Ao longo da obra, percebe-se que o tempo é personagem constante. Relógios aparecem, dias nascem e morrem, rotinas se repetem em “Trajetória”, a vida se organiza entre café, trabalho, filas, cansaço e dor de cabeça. O cotidiano não é negado — é poetizado.
Amor: entre o indizível e o cósmico
O núcleo lírico-romântico do livro é amplo, mas não ingênuo. Em “Impressões”, “Luzes de outono”, “Definição”, “Se me queres” e “O céu e o mar”, o amor reorganiza a realidade. O pôr-do-sol parece feito para dois. A lua espia pela janela. O mar e o olhar da amada tornam-se espelhos cósmicos.
Há, porém, uma intuição filosófica delicada: definir é limitar. Em “Definição”, os olhos da amada não podem ser conceituados — porque, se fossem, perderiam sua essência. Amar, aqui, é preservar o mistério.
O amor não é apenas sentimento: é força criadora de mundos.
O olhar social ne a ironia política
A serenata também sabe observar o mundo.
Em “José operário”, a repetição quase litúrgica denuncia a desigualdade estrutural: a “bomba” sempre estoura no mesmo lugar. Em “Soneto do dinheiro” e “O pirulito da eleição”, a crítica assume forma rimada e satírica. Já em “Banana Sunday”, o humor se transforma em caricatura política — um retrato ácido do populismo e da superficialidade pública.
Esses poemas revelam uma consciência social que não abandona a musicalidade. A crítica não se faz por panfleto, mas por ritmo e ironia.
A força da síntese
Um dos traços mais marcantes do livro é a capacidade de condensação. Muitos poemas são breves, quase aforismos líricos:
- “Viver um dia de cada vez é importante. / Viver bem um dia de cada vez é melhor.”
- “A primavera não precisa de um poema. / Ela é o próprio poema.”
- “Ao virarmos a folha de um livro nós formamos o vento necessário para empurrar o navio da nossa imaginação.”
Aqui, a poesia se aproxima da máxima filosófica. Não busca complexidade formal — busca clareza essencial.
Linguagem, ritmo e musicalidade
Predomina o verso livre, com uso frequente de repetição, paralelismo e enumeração. A musicalidade nasce da cadência interna — coerente com a ideia de serenata. Há momentos de humor lúdico, como em “Ivo viu a uva”, onde a brincadeira fonética transforma um exercício quase infantil em narrativa afetiva sobre encontro e partilha.
Há também experimentações formais interessantes, como “Caminhadas”, construída apenas por verbos que traduzem movimento, queda, persistência e chegada.

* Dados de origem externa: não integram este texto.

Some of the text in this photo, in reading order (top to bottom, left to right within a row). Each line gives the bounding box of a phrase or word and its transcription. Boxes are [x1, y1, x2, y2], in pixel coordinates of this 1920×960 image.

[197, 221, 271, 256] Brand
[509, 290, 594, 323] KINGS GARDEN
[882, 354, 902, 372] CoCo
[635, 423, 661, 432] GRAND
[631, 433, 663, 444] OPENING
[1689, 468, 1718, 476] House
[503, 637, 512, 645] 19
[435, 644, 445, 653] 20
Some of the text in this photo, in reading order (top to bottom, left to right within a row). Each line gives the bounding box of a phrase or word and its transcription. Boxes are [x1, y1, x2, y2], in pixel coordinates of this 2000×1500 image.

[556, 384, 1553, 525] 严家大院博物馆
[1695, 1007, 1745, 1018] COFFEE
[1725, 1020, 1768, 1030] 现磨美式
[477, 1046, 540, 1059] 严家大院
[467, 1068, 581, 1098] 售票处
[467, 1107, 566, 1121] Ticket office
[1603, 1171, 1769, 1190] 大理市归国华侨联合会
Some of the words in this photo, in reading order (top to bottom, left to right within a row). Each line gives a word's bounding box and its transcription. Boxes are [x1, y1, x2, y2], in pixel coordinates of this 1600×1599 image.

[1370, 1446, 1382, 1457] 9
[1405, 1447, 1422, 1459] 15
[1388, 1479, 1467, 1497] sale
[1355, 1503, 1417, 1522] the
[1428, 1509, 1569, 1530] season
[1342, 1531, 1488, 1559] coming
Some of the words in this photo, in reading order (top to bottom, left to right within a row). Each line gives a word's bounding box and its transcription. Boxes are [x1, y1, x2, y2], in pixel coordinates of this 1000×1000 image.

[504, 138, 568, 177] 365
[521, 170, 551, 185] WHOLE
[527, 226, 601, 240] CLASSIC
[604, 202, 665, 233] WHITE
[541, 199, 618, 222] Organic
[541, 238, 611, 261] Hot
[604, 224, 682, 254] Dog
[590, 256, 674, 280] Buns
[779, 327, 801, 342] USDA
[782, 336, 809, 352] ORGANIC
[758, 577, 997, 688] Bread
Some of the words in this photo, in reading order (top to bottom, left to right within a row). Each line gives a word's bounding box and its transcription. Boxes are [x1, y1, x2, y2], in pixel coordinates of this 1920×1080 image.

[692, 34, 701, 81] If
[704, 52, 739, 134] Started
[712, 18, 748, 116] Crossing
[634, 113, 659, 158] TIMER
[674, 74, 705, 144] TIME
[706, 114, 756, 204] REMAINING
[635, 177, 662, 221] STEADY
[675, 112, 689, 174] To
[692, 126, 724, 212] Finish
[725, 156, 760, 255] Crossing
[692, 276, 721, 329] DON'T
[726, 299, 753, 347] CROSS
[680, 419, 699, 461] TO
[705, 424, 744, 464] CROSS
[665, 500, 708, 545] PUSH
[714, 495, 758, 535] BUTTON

É quase um resumo da vida em ações sucessivas.
Entre o íntimo e o universal
O livro oscila entre o quarto e a praça, entre a janela e o planeta. Em “Festa final”, estrelas dançam no Armagedom. Em “Navegar”, o amor assume forma mitológica — sereia e Proteu atravessando tempestades. Em “Estamos em guerra”, o mundo contemporâneo aparece fragmentado e inquieto.
Mas, ao final, o livro retorna à serenidade inicial. Poemas como “Sol na alma”, “Dia feliz” e “Serenamente” indicam uma escolha ética: viver melhor, escolher melhor, excluir o que não constrói.
Não se trata de ingenuidade. Trata-se de decisão.
Uma serenata que permanece
Serenata Serena Com Novas Toadas é um livro que aceita sua própria simplicidade como força estética. Não busca hermetismo, mas verdade. Não reivindica grandiosidade, mas permanência.
É a poesia de quem canta porque vive.
E vive porque canta.
Entre a juventude e a maturidade, entre o amor e a crítica social, entre a ironia e a contemplação, este livro oferece ao leitor algo raro: um percurso humano reconhecível.
Ao final, fica a sensação de que a serenata continua — não como espetáculo, mas como presença.
E talvez seja exatamente isso que a torna serena.